The firm reported housing revenues up 28 per cent to $672.6 million in the year to Feb. 28 2016 and improved gross profit of 16 per cent. “A strong start,” CEO Jeff Mezger noted.
However, in a conference call CFO Jeff Kaminski commented that the firm’s proportion of customers who are first-time buyers has been down to around 50 per cent over the past three years; in 2008 the figure was 70 per cent.
The 50 per cent level has held steady despite rising home prices and Kaminski noted that it was hard for some millennials to get on the housing ladder due to an inability, or unwillingness, to take on a large mortgage debt. The firm’s figures show that average selling prices of their properties have increased 5 per cent in the past year, to $344,400.

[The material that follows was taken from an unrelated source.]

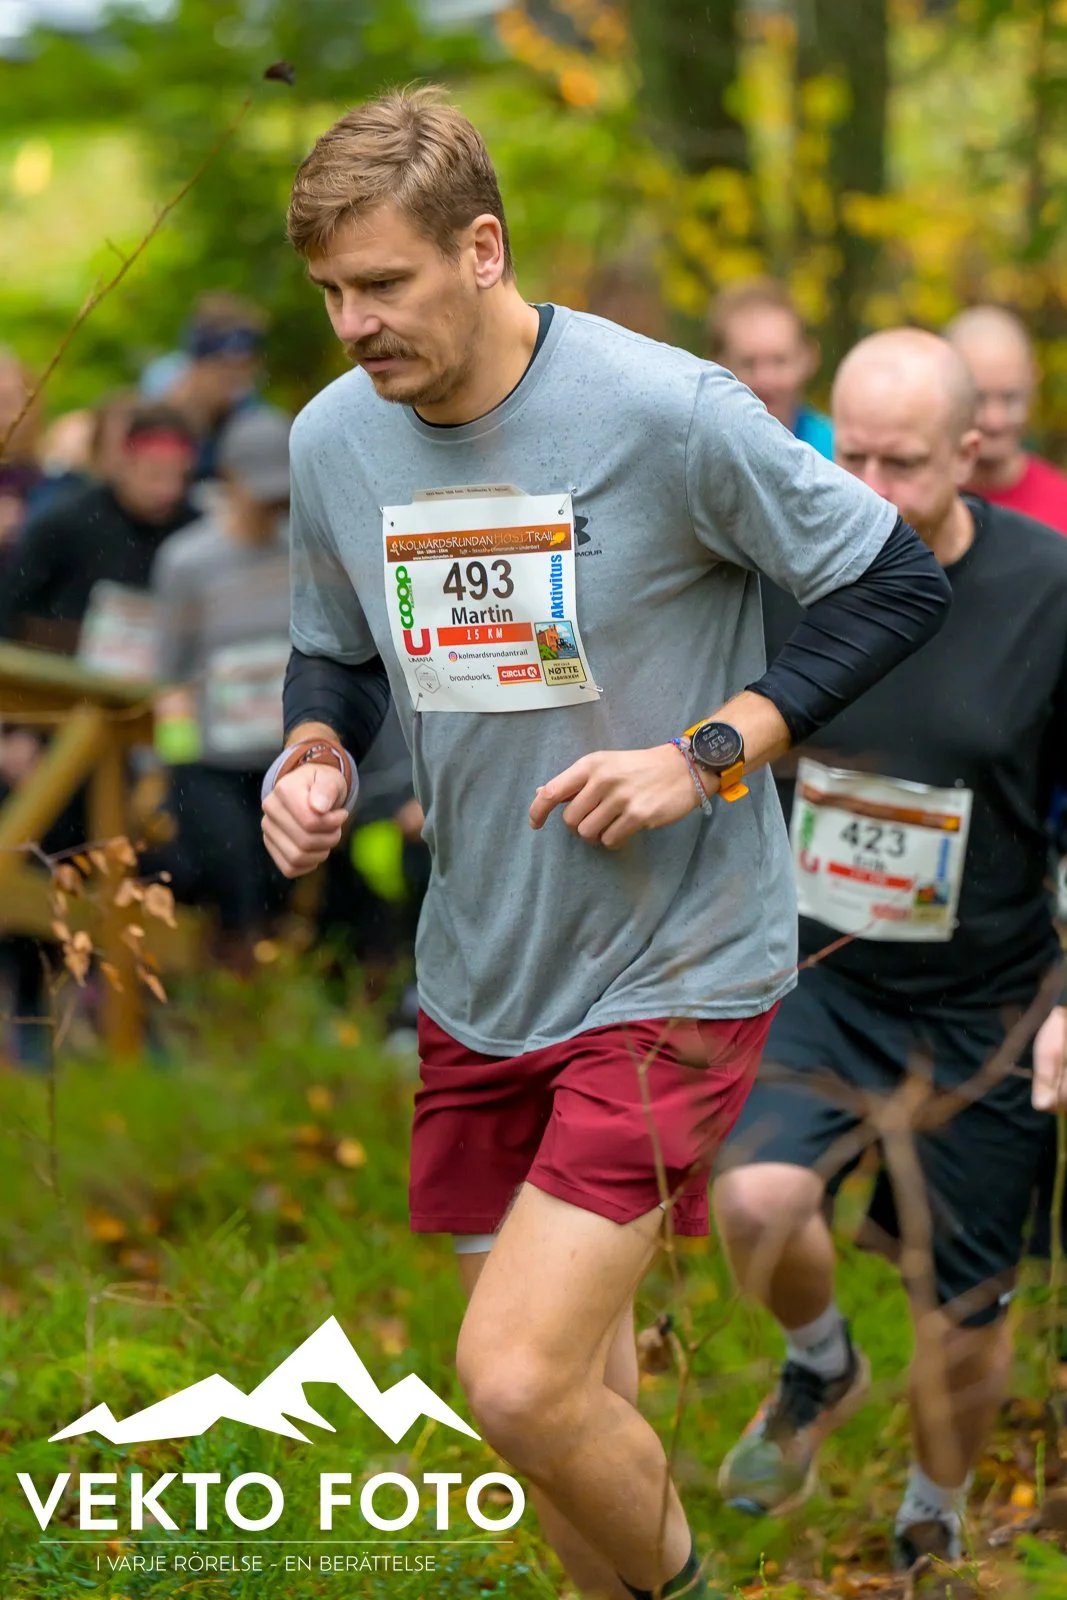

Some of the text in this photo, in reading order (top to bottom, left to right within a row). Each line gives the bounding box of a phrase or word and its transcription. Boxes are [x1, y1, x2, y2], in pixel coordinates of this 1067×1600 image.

KB Homes, as with other builders, has found limited supply of building land in city centers to be a problem. Kaminski said that as the labor market improves and people look to move out of low-supply urban areas, builders will be able to meet demand in areas with higher availability of land.
Task force focuses on future of secondary mortgage market
A task force made up of mortgage professionals
will consider the future of the secondary mortgage market. The group, which has been formed of members of the Mortgage Bankers’ Association, will be chaired by Rodrigo Lopez, CMB, Executive Chairman of NorthMarq Capital Finance and Chairman-Elect of MBA.
"A strong, sound secondary mortgage market is paramount to the overall success of the real estate finance industry. That is why it is of the utmost importance that policymakers and stakeholders create a strong and stable system that ensures liquidity, affordable mortgage credit and serves consumers,” Lopez commented.
Homes hit record prices in 25 per cent of markets
More US homes are at record prices than ever before, even during the boom of a decade ago. Zillow’s Home Value Index shows that in the past year, homes in 26 per cent of US markets reached new peaks, even those in the South which have struggled to recover from the crash.
For example, Dallas home values set a new record at $180,700 in February, up 13.7 per cent in a year; Louisville, KY values rose 13.2 per cent to $146,100; and Nashville home values rose 9.5 per cent to a median of $189,100.
"These new records mean we're no longer making up ground lost during the housing recession --we're laying a new path forward, based on demand for housing and economic growth throughout the economy" said Zillow Chief Economist Dr. Svenja Gudell.
He noted that it was a return to normal conditions for some markets but also stressed that even in markets where there has not been a huge surge, it could be that prices reached during the bubble were so overinflated that a return to those levels is some way off.